Von Jasper von AltenbockumDer größte aller Mitmacher, Horst Seehofer, kann derzeit leider nicht so richtig mitmachen. Die Ablenkung des CSU-Vorsitzenden von seinen bayerischen Ämtern - er vertritt als amtierender Präsident des Bundesrats den Bundespräsidenten - nutzen deshalb verärgerte Parteifreunde (es sind die altbekannten), seinen Führungsstil zu kritisieren.
Seehofer propagiere die Mitmachpartei, watsche aber die Leute ab, die mitmachen wollten. So reden Leute, die nicht so mitmachen, wie sich das der größte aller Mitmachparteichefs wünscht.

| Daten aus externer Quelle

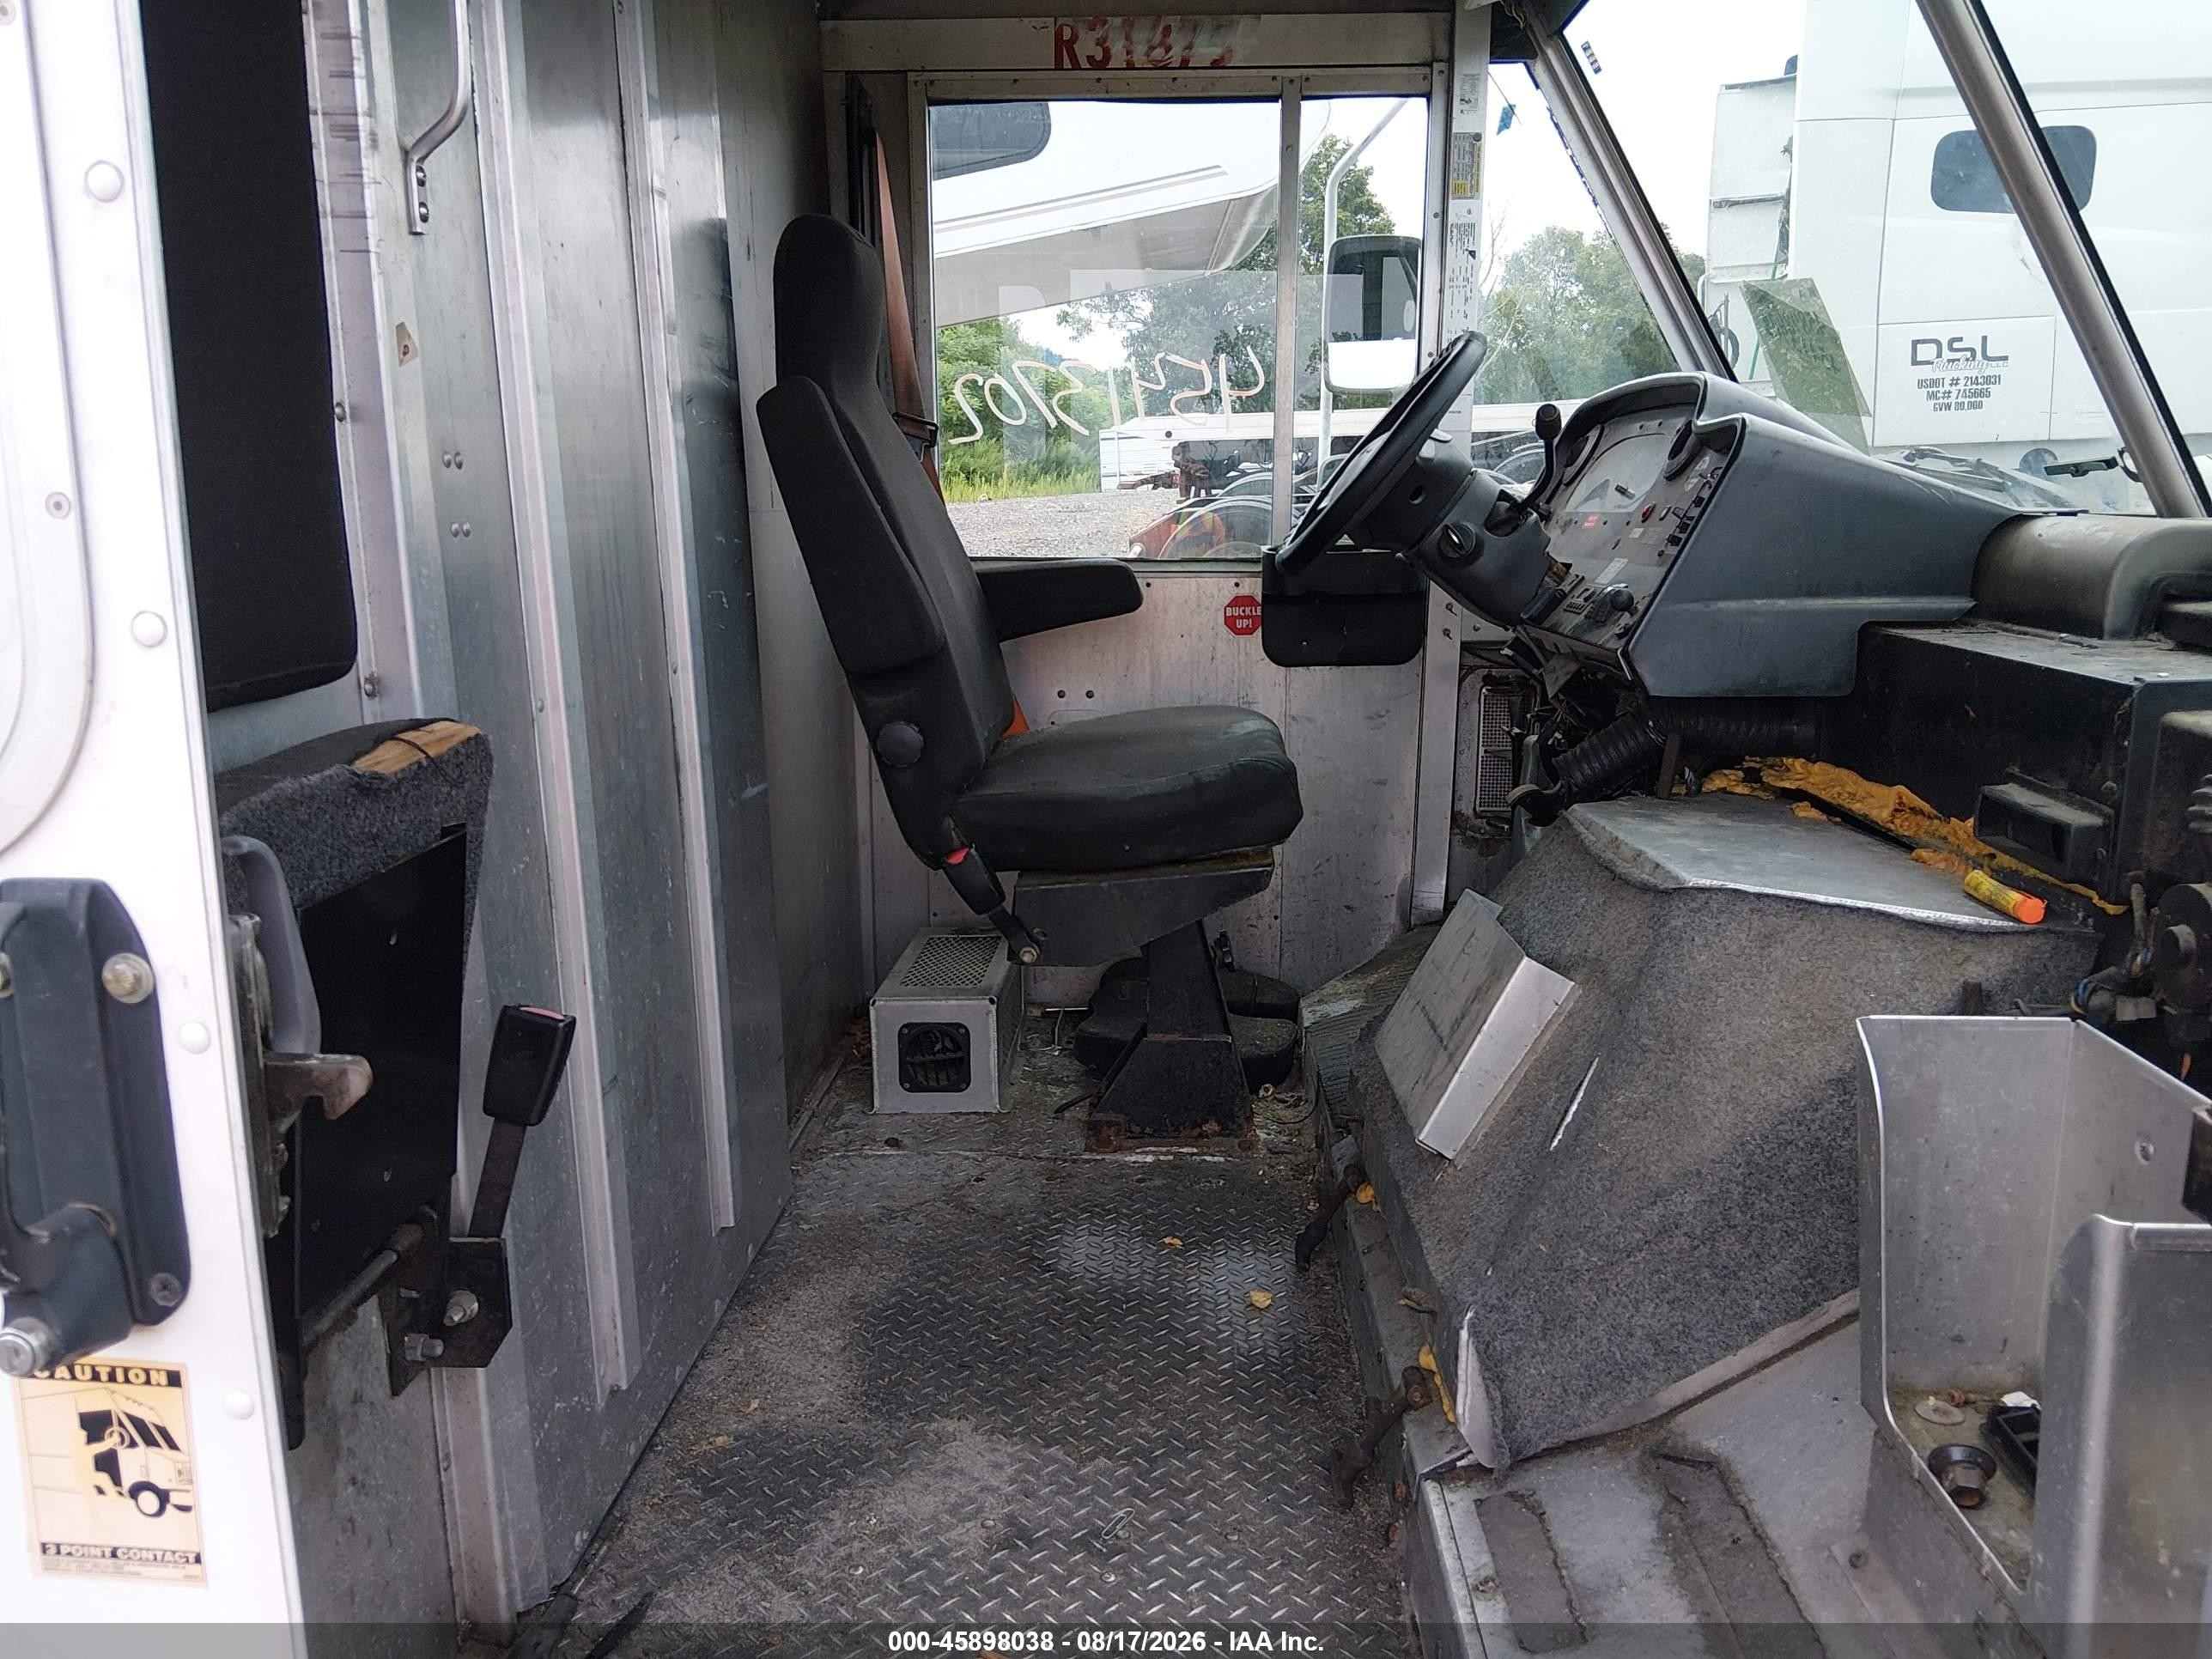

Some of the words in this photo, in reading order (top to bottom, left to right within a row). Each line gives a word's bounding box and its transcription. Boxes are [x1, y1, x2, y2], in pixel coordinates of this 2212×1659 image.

Entzündet hatte sich die Kritik vor allem an der wiederholt vorgetragenen Idee des Ministerpräsidenten, in Fragen der Euro-Rettung künftig ganz nach Art einer Mitmachdemokratie das ganze Volk mitmachen zu lassen. Auch da gilt natürlich, dass möglichst so mitgemacht wird, wie es sich die Mitmachpartei wünscht.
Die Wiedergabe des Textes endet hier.